Tito pasó sin verlo, ensayando una obra de teatro de un autor inglés. Iba con una calavera que había comprado cerca de la Facultad de Medicina. Siempre estudiaba caminando, por eso estaba tan flaco el pobre. Su primo Daniel lo miraba sin decir palabra, comiendo su ración diaria de pebetes con jamón y queso, mientras la Pocha , la madrina enamorada, miraba soltera las telenovelas en blanco y negro, planchando un alto de ropa sobre una mesa acondicionada con frazadas y colchas viejas.
Doña Palmira le curó el mal de ojo para que iniciara el camino sin dolor de cabeza, terminando con las consabidas tres señales de la cruz, la última rematada con un beso fresco de sus propios labios. El hombre que no había nacido regresó para reclamar su fiesta de cumpleaños de la mano de la Ñata, que ya no sufría de ataques de epilepsia. Los ruidos apagaron el asombro.

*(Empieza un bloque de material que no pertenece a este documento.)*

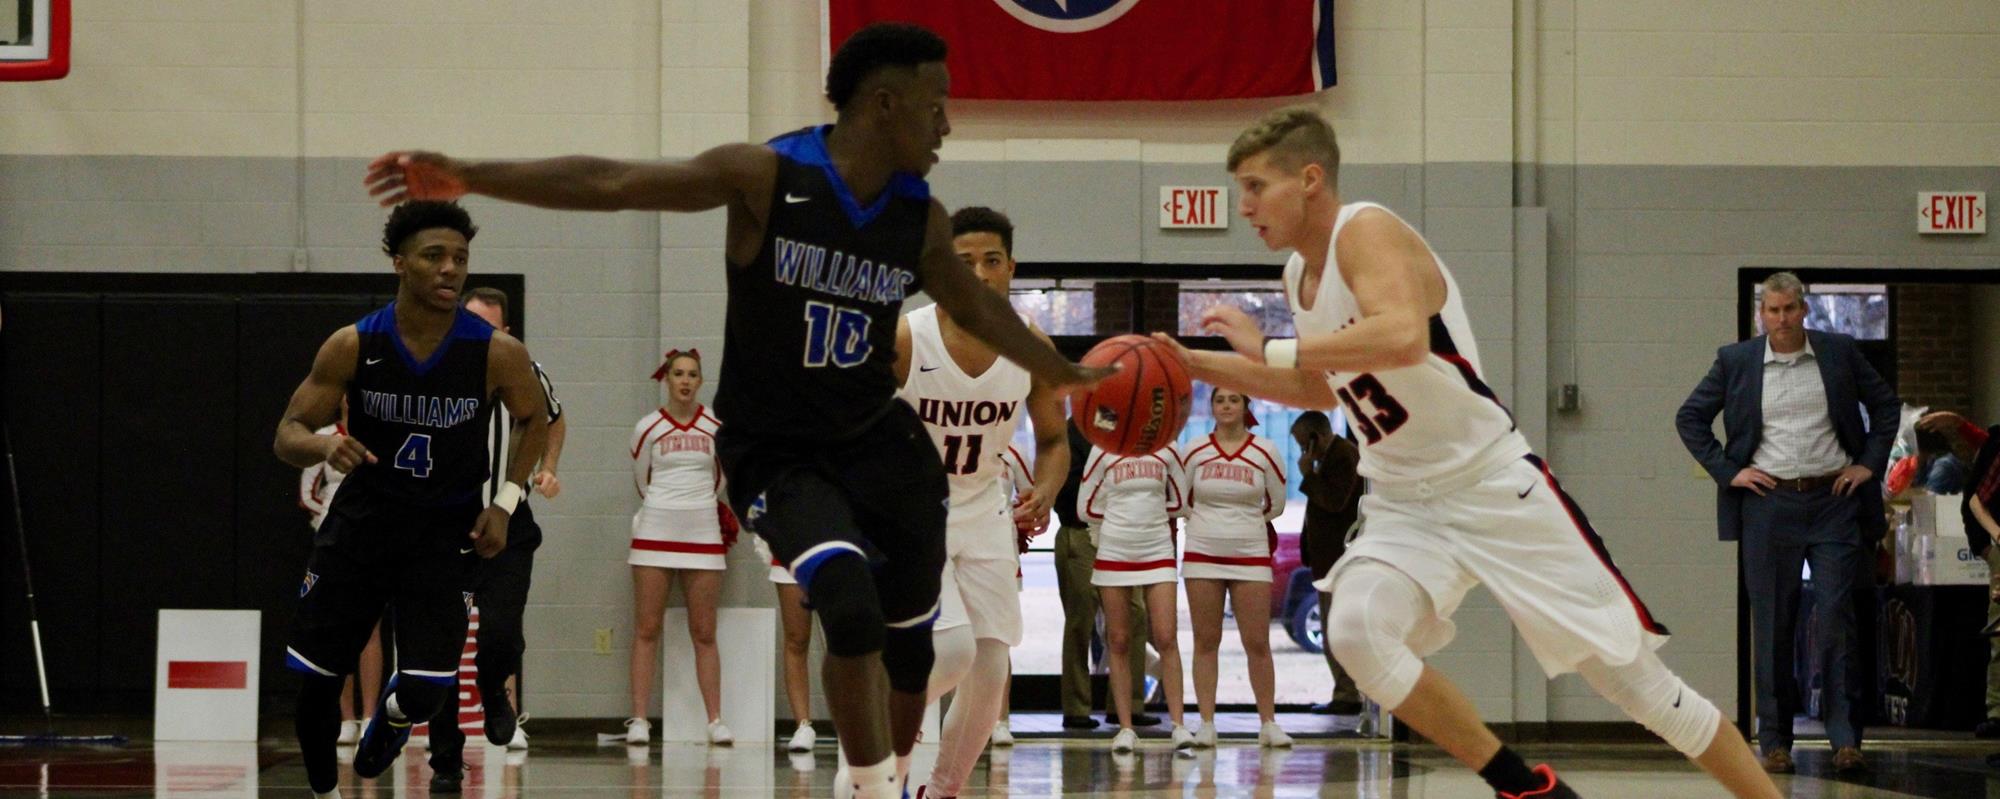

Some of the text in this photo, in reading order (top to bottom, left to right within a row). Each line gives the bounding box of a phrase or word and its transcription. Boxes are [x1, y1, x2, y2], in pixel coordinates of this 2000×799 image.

[1172, 190, 1219, 225] EXIT
[1931, 195, 1977, 229] EXIT
[775, 237, 915, 305] WILLIAMS
[804, 301, 873, 368] 10
[361, 388, 479, 428] WILLIAMS
[919, 398, 1018, 427] UNION
[1337, 372, 1409, 446] 13
[394, 433, 433, 478] 4
[943, 434, 983, 475] 11

Al llegar al zaguán, las mayólicas quebradas con dibujos borrosos y un cielo sucio que había dejado de ser raso se le vinieron encima. Lo envolvieron como en una manta tejida a crochet por una abuela sorda. La puerta cancel ausente se cerró detrás de sí y los portones de la calle se cruzaron delante de él, para impedir su paso, dejándolo atrapado en ese espacio sin tiempo. En ese zaguán. Ese zaguán, donde había aprendido los lugares calientes de la mano de la Moniqui y de la Bety.

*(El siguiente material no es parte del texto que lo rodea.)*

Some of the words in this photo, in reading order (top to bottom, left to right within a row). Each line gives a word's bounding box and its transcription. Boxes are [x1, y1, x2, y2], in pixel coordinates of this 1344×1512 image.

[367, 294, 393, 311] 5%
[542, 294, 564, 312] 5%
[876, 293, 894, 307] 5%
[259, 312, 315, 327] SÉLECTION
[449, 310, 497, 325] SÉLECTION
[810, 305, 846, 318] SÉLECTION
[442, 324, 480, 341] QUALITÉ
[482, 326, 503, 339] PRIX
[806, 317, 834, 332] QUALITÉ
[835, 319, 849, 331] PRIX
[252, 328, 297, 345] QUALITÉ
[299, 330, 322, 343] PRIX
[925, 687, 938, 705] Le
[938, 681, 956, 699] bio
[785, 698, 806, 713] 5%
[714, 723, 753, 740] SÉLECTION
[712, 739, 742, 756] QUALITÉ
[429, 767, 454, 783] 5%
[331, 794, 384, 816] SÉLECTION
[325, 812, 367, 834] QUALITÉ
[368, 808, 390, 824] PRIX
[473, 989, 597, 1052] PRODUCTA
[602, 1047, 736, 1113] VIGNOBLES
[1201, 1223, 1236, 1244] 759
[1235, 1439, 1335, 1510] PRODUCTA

Ese zaguán, donde el triunvirato constituido con sus dos mejores amigos, decidió que el hombre sin nombre nunca había nacido. Ese zaguán, donde se contaron las historias negras del Pasaje Masón y por donde pasó corriendo Cachito, la mañana que decidió perderse para siempre. Ese zaguán, donde Martita, tal vez, había jugado a las muñecas antes de irse a dormir un sueño lerdo adentro del ropero.

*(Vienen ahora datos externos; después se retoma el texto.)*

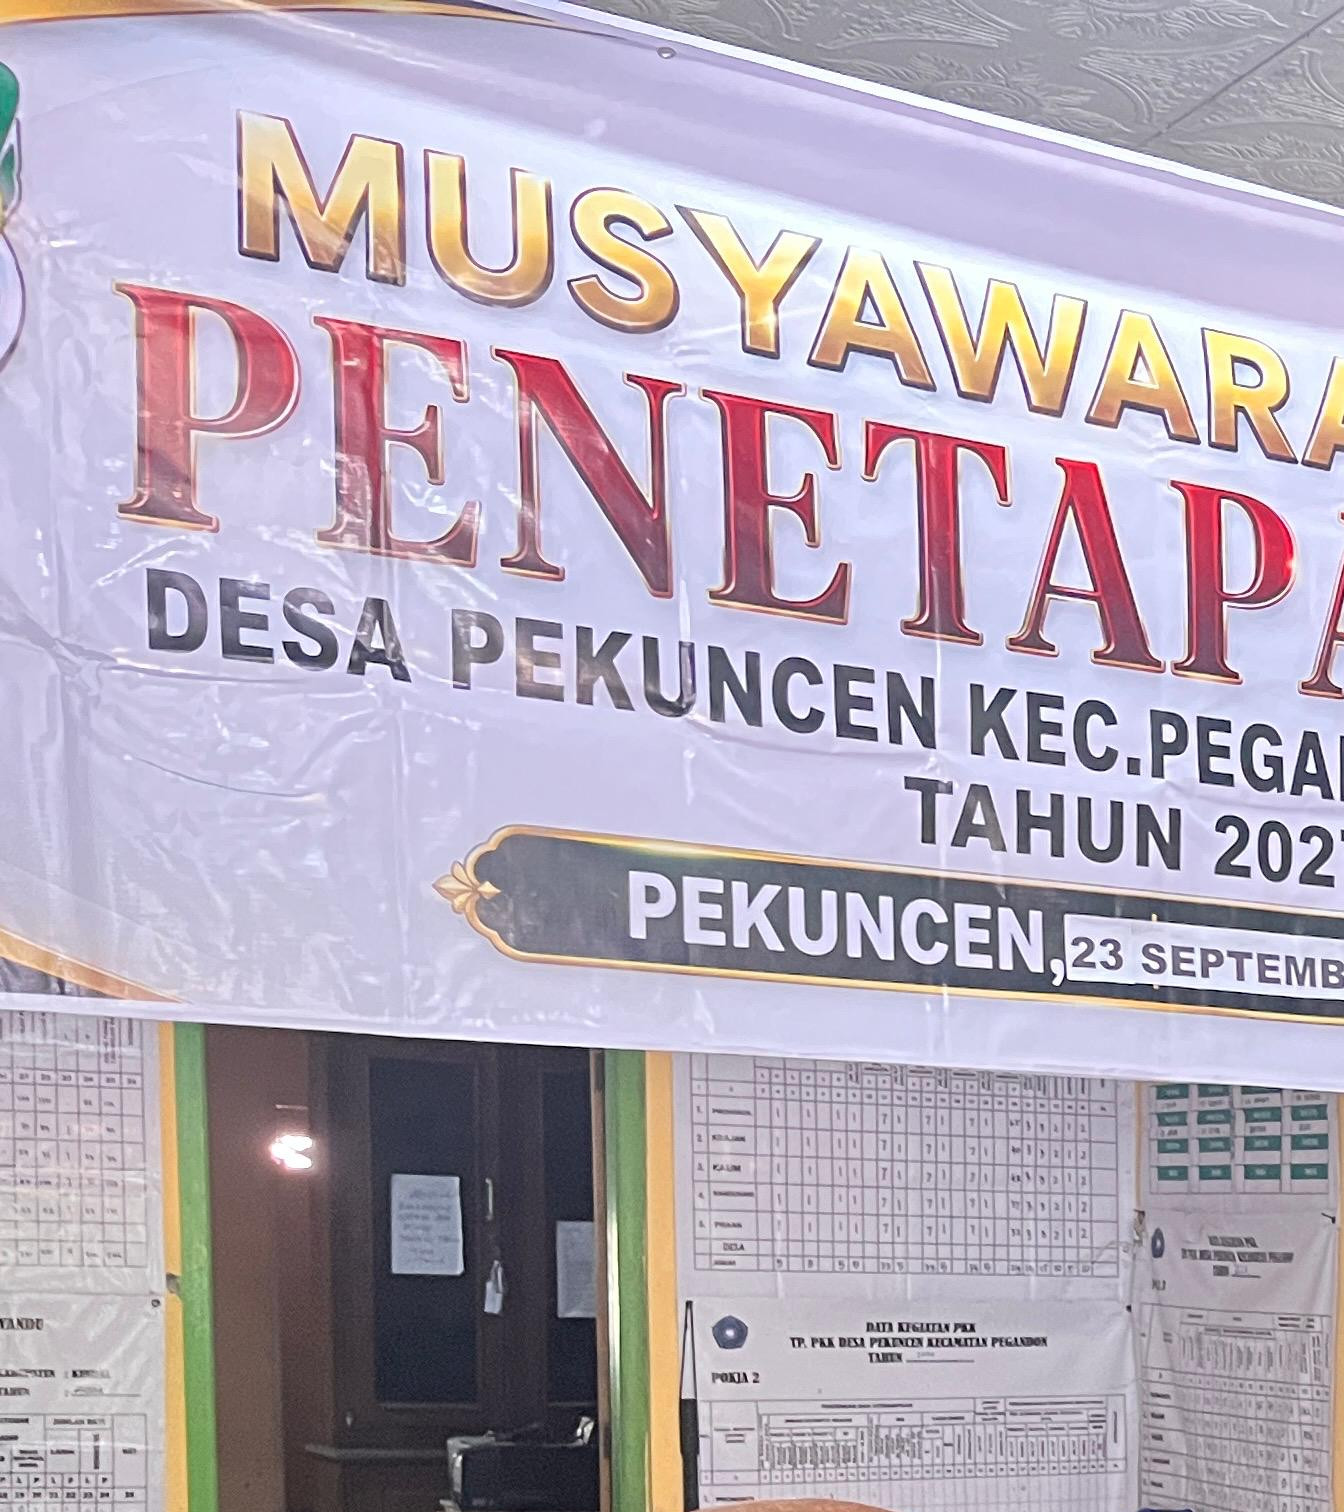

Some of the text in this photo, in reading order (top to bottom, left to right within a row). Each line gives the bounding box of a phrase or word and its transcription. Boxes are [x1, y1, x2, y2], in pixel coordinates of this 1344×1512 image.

[145, 567, 408, 684] DESA
[450, 607, 937, 751] PEKUNCEN
[904, 774, 1182, 871] TAHUN
[628, 870, 1065, 988] PEKUNCEN,
[1071, 935, 1124, 971] 23
[751, 1371, 760, 1384] 2

Ese zaguán, donde, en siesta de confesión, le relató a sus amigos los íntimos detalles de su visita al prostíbulo de la mano del Ratón. Ese zaguán, donde se armaba el equipo que le ganó a los basureros con aquel penal definitivo.
Ese zaguán de besos estrujados con la que fue la madre de sus hijos.
Ese mismo zaguán, desde donde mirando hacia atrás, podía ver por última vez aquel pasillo largo diseñado por Moebius, que parecía tan largo que ni diez millones de años luz bastarían para recorrerlo entero.
—¡Viejo! ¡Viejo! ¡Abrí la puerta, por favor! —gritaron sus hijos desde la calle, tratando de forzar las maderas negras que, aunque viejas y desvencijadas, resistían el embate, crujiendo de dolor.
—¡Papá! Ya está bien, tenemos que irnos —gritó el mayor, en tono admonitorio.
—El camión ya se llevó las cosas. Nos tenés que ayudar a acomodarlas en la otra casa… ¡Papá! Abrí por favor. —le rogó el hijo menor.
—¡Che! ¿Se puede saber a quién le están gritando ustedes? —preguntó el viejo no tan viejo, sentado en el cordón de la vereda, pelando una mandarina—. ¿Qué les pasa, se volvieron locos?
—¡Papá! —respondieron sorprendidos, casi al unísono.
—Qué susto nos diste, viejo —se apuró a decirle el hijo mayor—. Pensamos que te había pasado algo… la puerta se cerró con un golpe de viento. No la podíamos abrir y vos, encima, no nos contestabas nada.
—Pero si nosotros no nos movimos ni un segundo de este umbral y no te vimos pasar —dijo el más joven, razonando —… ¿Por dónde saliste?
—Por los recuerdos. Tomen la llave y dejen todo bien cerrado. Así no me alcanzan.